Enough is Enough in Yemen: FT

Yemen's civil war – and Saudi Arabia's bombing campaign against Houthi rebels -- is fast-destroying what is left of the region's poorest nation. With a quarter of the country's 28 million people on the brink of famine, it's time for the United States to intervene, the Financial Times editorializes.
 
"Under Donald Trump, the U.S. has encouraged a Saudi-led Sunni jihad in hopes of isolating Shia Iran. This overlooks the futility of the Saudi campaign in Yemen and the likely blowback if the country collapses. The U.S. Congress, though equally hostile to Tehran, is becoming less tolerant of Riyadh's exporting of Wahhabi extremism. The U.S., with its 2003 invasion of Iraq, helped reignite the age-old schism between Sunni and Shia. It could douse some of the flames from this fratricidal struggle by pushing for immediate relief and longer-term help for Yemen," the FT writes.
 
"The U.S., UK and France, the major suppliers of arms to Saudi Arabia and the UAE as well as permanent members of the U.N. Security Council, need jointly to insist on a ceasefire and huge influx of humanitarian aid. Russia should intercede with its ally Iran, which has already called for a ceasefire. International peacekeepers may eventually be required; a global development package to refloat Yemen will certainly be needed."
 

Trump's Muddled Thinking on Immigration: Chavez

A new bill backed by the Trump administration that would dramatically slash legal immigration into the United States harks back to early efforts to impose broad restrictions on the number of immigrants entering the United States. It also suggests a complete misunderstanding of the economics of the issue, writes Linda Chavez in Foreign Policy.
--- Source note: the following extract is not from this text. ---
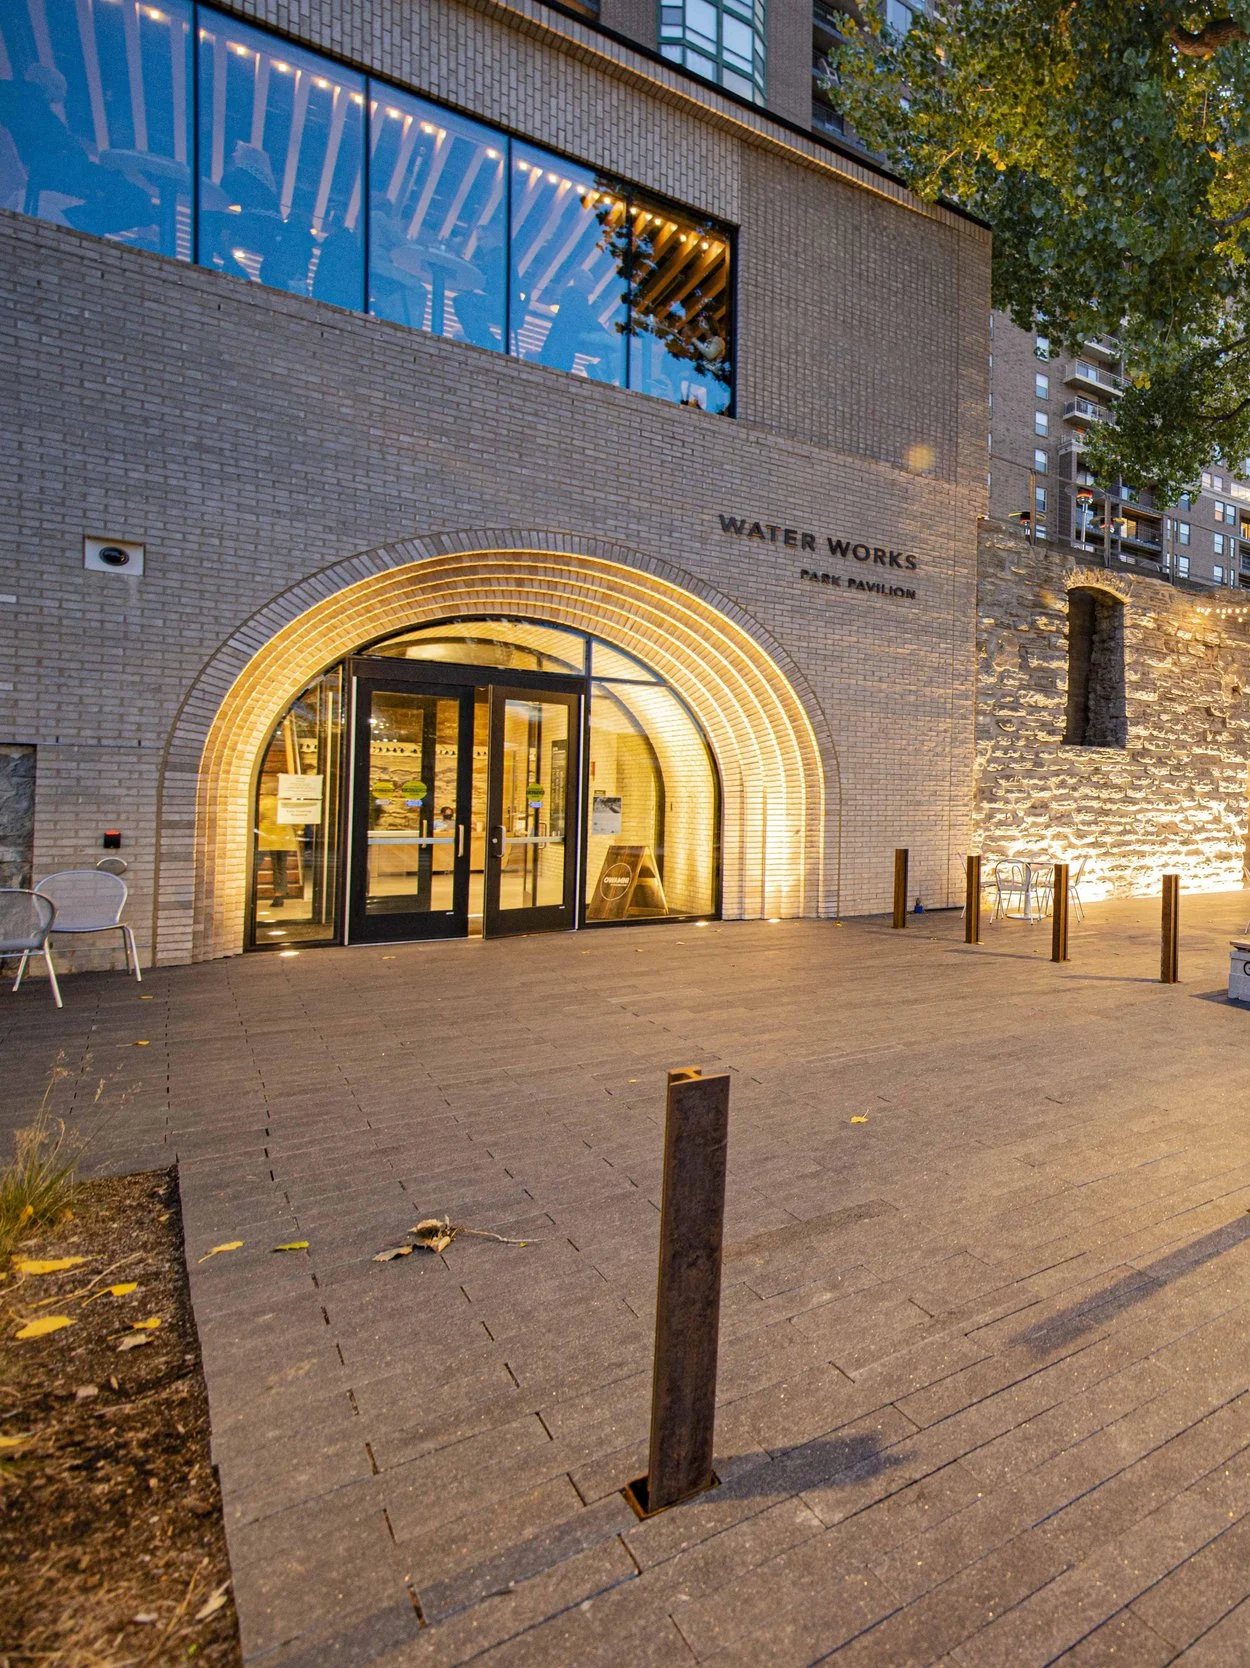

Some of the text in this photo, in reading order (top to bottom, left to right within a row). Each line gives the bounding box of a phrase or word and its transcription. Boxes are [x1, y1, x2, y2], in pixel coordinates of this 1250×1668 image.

[718, 513, 918, 570] WATER WORKS
[800, 569, 917, 600] PARK PAVILION
"Although supporters of the RAISE Act claim it will improve the quality of immigrants admitted to the country by taking only those who are highly skilled, the loss of lower-skilled immigrants under the proposed bill is a major problem," Chavez writes.
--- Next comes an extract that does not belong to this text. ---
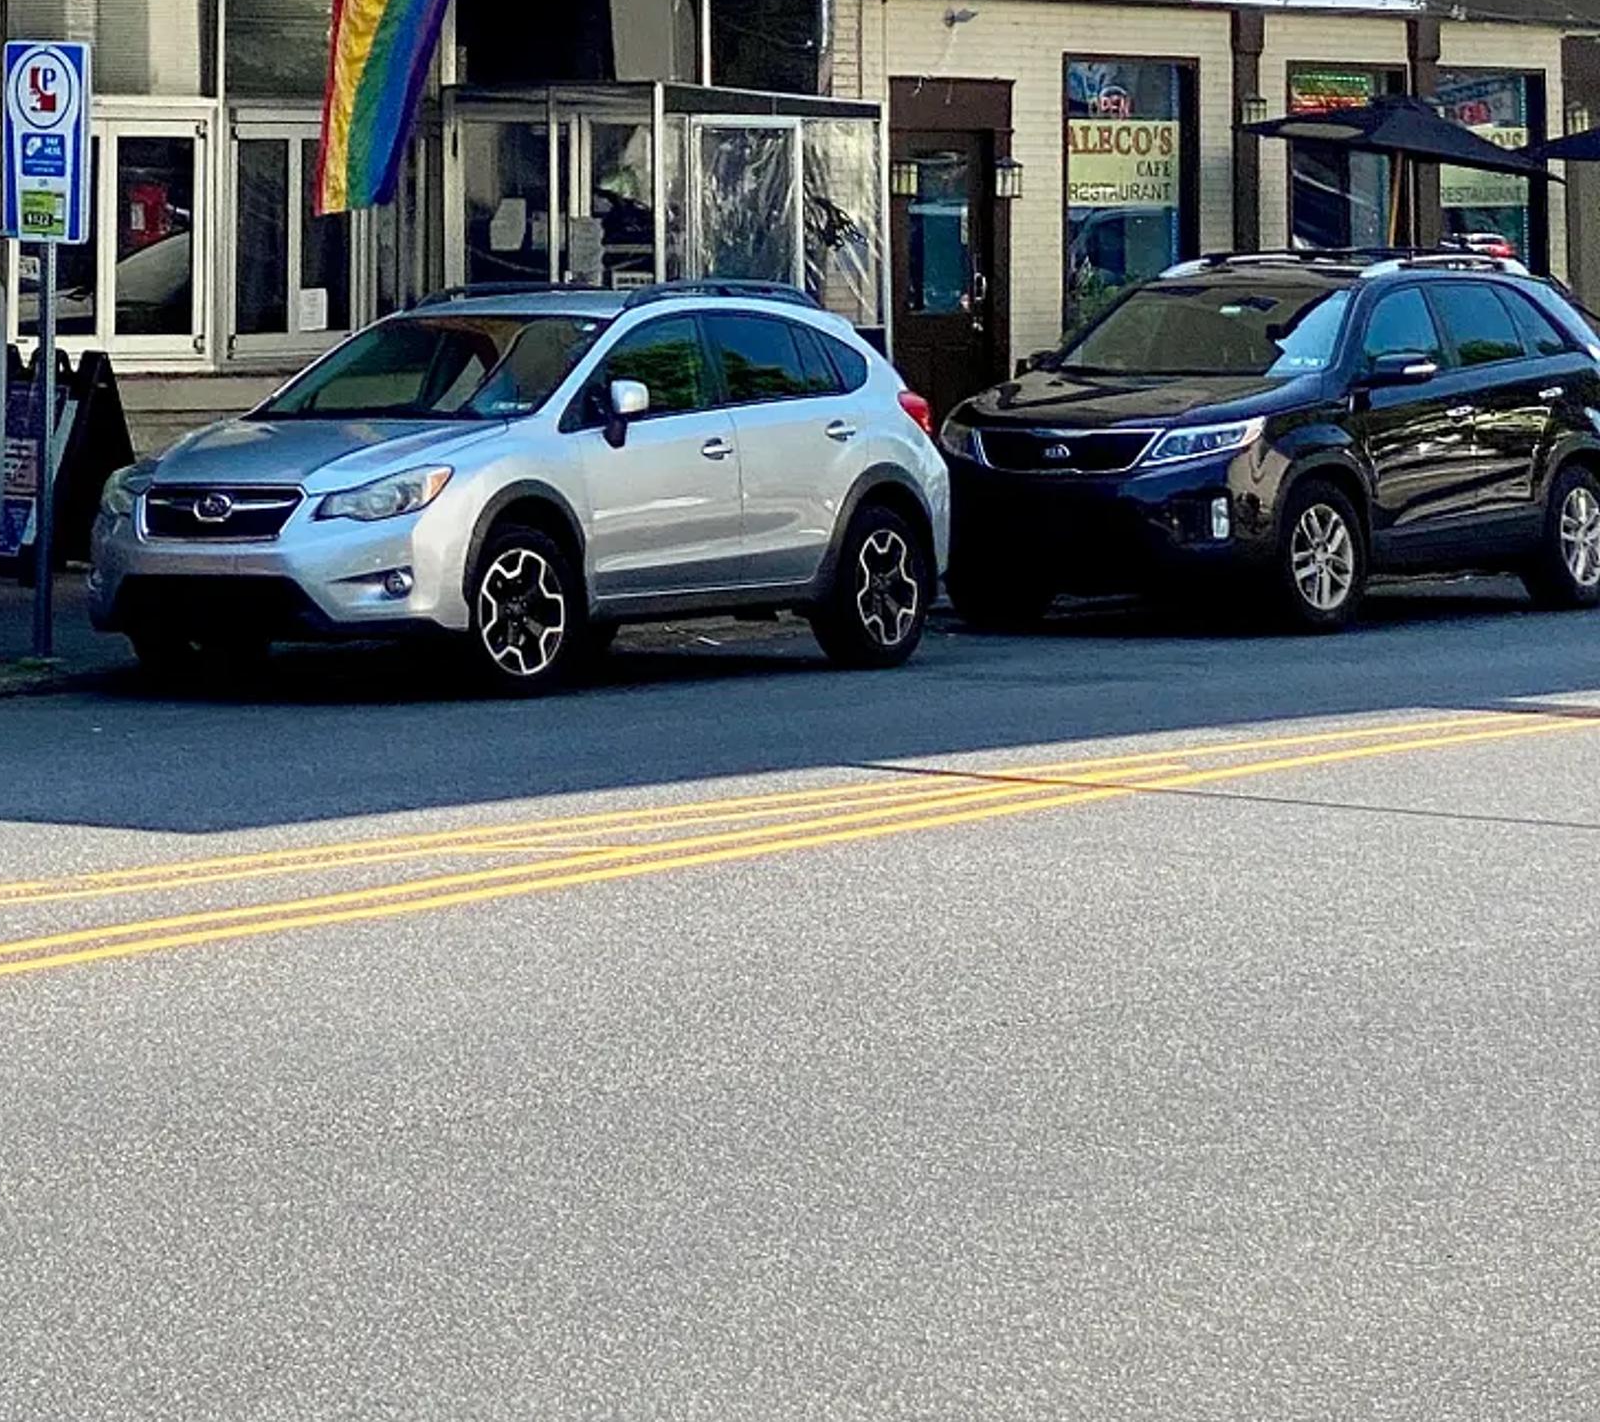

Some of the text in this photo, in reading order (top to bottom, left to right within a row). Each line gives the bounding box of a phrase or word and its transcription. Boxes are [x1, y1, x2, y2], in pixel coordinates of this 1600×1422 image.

[1068, 125, 1174, 155] ALECO'S
[1136, 160, 1173, 177] CAFE
[1068, 182, 1173, 202] RESTAURANT
"The assumption of the bill's authors and the Trump administration is that unemployed Americans, or those who have dropped out of the labor force altogether, will step in to take jobs currently held by lower-skilled immigrants living in the country legally or illegally. But there is little evidence that this would happen. Will Americans who can now draw unemployment, welfare, or disability benefits suddenly rush to take jobs picking crops, milking cows, scrubbing toilets, processing poultry, or replacing roofs, even if the pay is somewhat higher than what immigrant workers in those jobs currently receive? One of the reasons immigrants, here legally or illegally, fill so many of these jobs is that their skill sets match them."
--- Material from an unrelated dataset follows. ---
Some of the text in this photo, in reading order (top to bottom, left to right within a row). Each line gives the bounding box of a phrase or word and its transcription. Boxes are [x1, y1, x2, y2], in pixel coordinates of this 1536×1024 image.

The Danger of China's "Sputnik Moments"

A series of recent "Sputnik Moments," from quantum satellite communication to gene editing, underscores the dramatic technological advances China is making. Unless the United States gets better at protecting its intellectual property, it will get left behind, argue Daniel Kliman and Harry Krejsa for Politico.
 
"The Commission on the Theft of American Intellectual Property estimates that piracy, theft, and counterfeiting by China costs the U.S. economy between $225 billion and $600 billion a year, or up to 3 percent of the entire U.S. GDP. In the long term, the costs only grow more daunting. If scientific advances in quantum communications, artificial intelligence, biotechnology, energy, and battery technology increasingly move to China, so will the future industries – and jobs – that will accompany them."